The results appear to have been enough for Netflix to take a victory lap. The company took jabs at competitors’ spending and content in its letter to investors, and defended binge-watching, which it popularized by dropping full seasons of TV shows at once.
Executives were joyful in their earnings interview. Co-CEO Reed Hastings exclaimed, “Thank God we’re done with shrinking quarters!”
Critics may argue that it’s too early for such jubilation. After all, Netflix is coming off of six months of slowing growth and heavy layoffs. Its Q3 subscriber additions were still below the gains of other recent quarters, when it was growing rapidly.
But on Tuesday, the company appeared to send a signal to the haters: We know what we’re doing.
“Our competitors are investing heavily to drive subscribers and engagement, but building a large, successful streaming business is hard,” the company’s earnings letter said. “We estimate they are all losing money, with combined 2022 operating losses well over $10 billion, vs. Netflix’s $5 to $6 billion annual operating profit.”
“Our competitors are investing heavily to drive subscribers and engagement, but building a large, successful streaming business is hard,” the company’s earnings letter said. “We estimate they are all losing money, with combined 2022 operating losses well over $10 billion, vs. Netflix’s $5 to $6 billion annual operating profit.”
The company also threw shade at HBO’s “House of the Dragon” and Amazon’s “Lord of the Rings: The Rings of Power.”
Both shows are big-budget fantasy hits, but in its letter, Netflix shared a Google Trends chart showing its true-crime drama “Dahmer” topping both of them in interest after it debuted last month (although, it didn’t tell the full picture).
The company used the success of “Dahmer” to defend its binge-watch model, as competitors stick to traditional weekly releases.
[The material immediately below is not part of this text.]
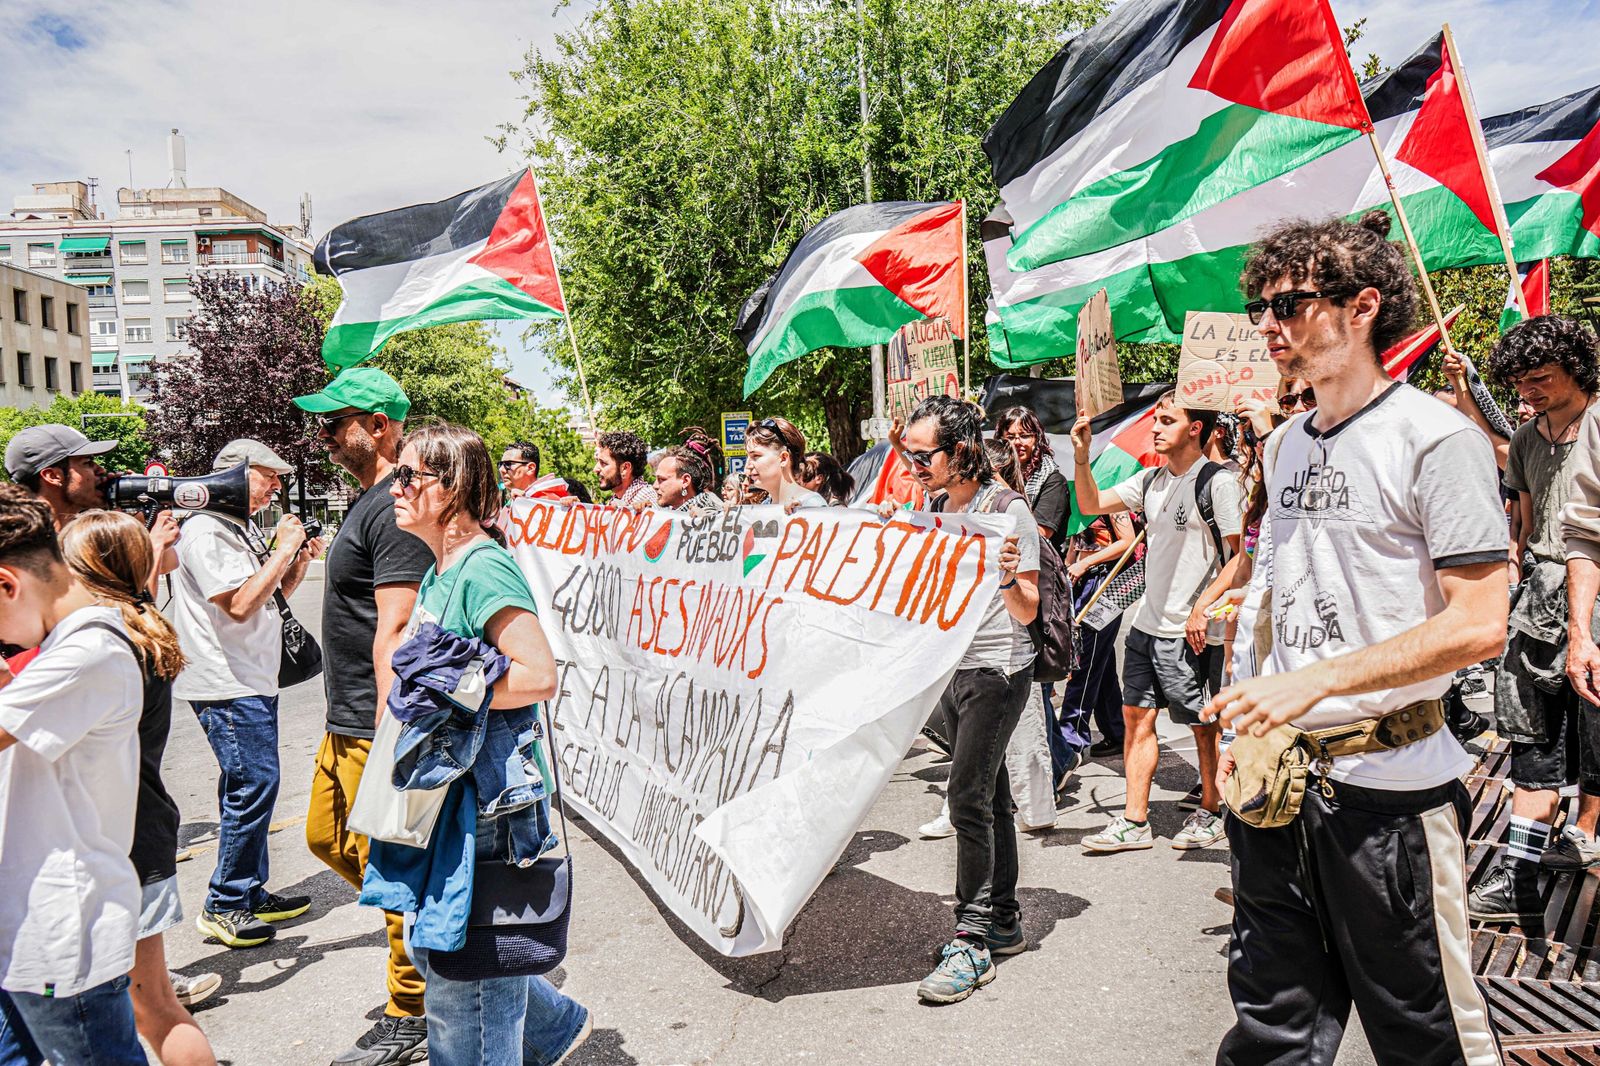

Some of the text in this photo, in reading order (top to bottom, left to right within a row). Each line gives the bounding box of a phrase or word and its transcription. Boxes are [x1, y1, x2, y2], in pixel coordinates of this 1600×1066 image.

“We think our bingeable release model helps drive substantial engagement, especially for newer titles,” it said in its letter.
And during the earnings interview, co-CEO and content chief Ted Sarandos shut down any debate over whether Netflix would expand its theatrical strategy, despite a previous Bloomberg report that it was considering giving some movies longer theatrical windows.\
“We’re in the business of entertaining our members with Netflix movies on Netflix,” he said. “There’s no question internally that we make movies for our members.”
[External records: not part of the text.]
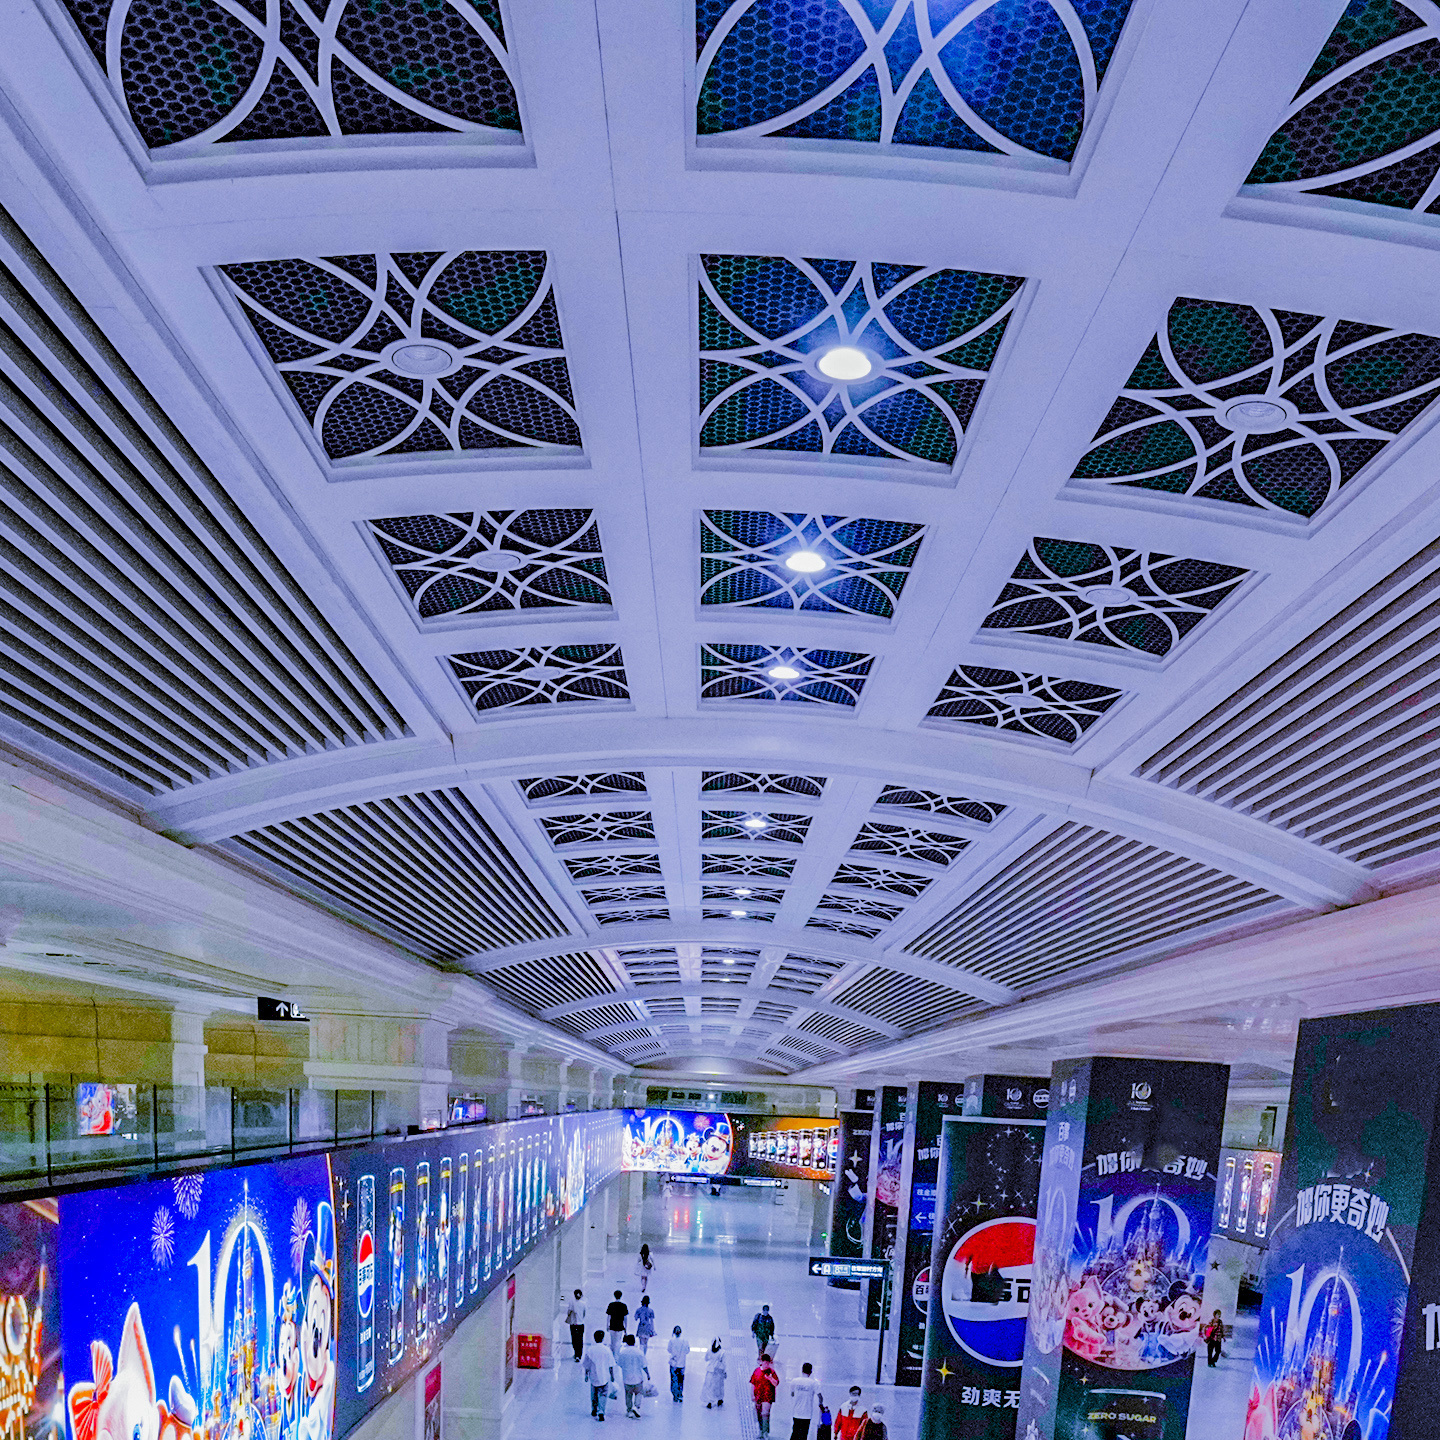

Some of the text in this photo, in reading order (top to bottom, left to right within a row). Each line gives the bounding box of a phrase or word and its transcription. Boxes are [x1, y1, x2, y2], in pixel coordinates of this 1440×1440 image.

[641, 1116, 684, 1144] 10
[1096, 1150, 1209, 1181] 加你奇妙
[1089, 1194, 1191, 1251] 10
[1296, 1183, 1390, 1244] 加你更奇妙
[1087, 1412, 1157, 1425] ZERO SUGAR
While the company is putting its “Knives Out” sequel “Glass Onion” in the three major theater chains for the first time this year, it will still only play for one week in just 600 theaters, a month ahead of its streaming debut.
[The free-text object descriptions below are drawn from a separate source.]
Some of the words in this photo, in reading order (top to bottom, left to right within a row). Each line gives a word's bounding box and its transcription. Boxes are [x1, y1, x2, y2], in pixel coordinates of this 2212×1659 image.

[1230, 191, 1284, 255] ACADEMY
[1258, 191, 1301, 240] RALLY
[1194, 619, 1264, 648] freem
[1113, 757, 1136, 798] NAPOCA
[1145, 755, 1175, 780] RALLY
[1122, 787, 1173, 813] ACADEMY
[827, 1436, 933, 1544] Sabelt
“Most people will watch it on Netflix,” Sarandos said regarding the movie, adding that “most people watch most movies at home.”
In other words, Netflix is doubling down on what it thinks it does best.
That’s not to say that the company isn’t trying new things. It’s introducing a cheaper ad-supported tier next month, something it had pushed back on previously. It’s starting to crack down on password sharing, and will begin charging for each additional account. And it intends to expand its video-game offerings, with new titles and a jump into cloud gaming.
But those could be seen as inevitable next steps rather than meaningful compromise or admission that its core strategies aren’t working.
Instead, the company is urging investors to rethink how they perceive Netflix’s success, focusing on revenue as its “primary top line metric” rather than paid subscribers. It will stop providing membership guidance in future earnings reports.
Sarandos said that he believes the “future of movies, of television, and of games is streaming.”
In other words, Netflix continues to think that the future of entertainment is still, undeniably, Netflix.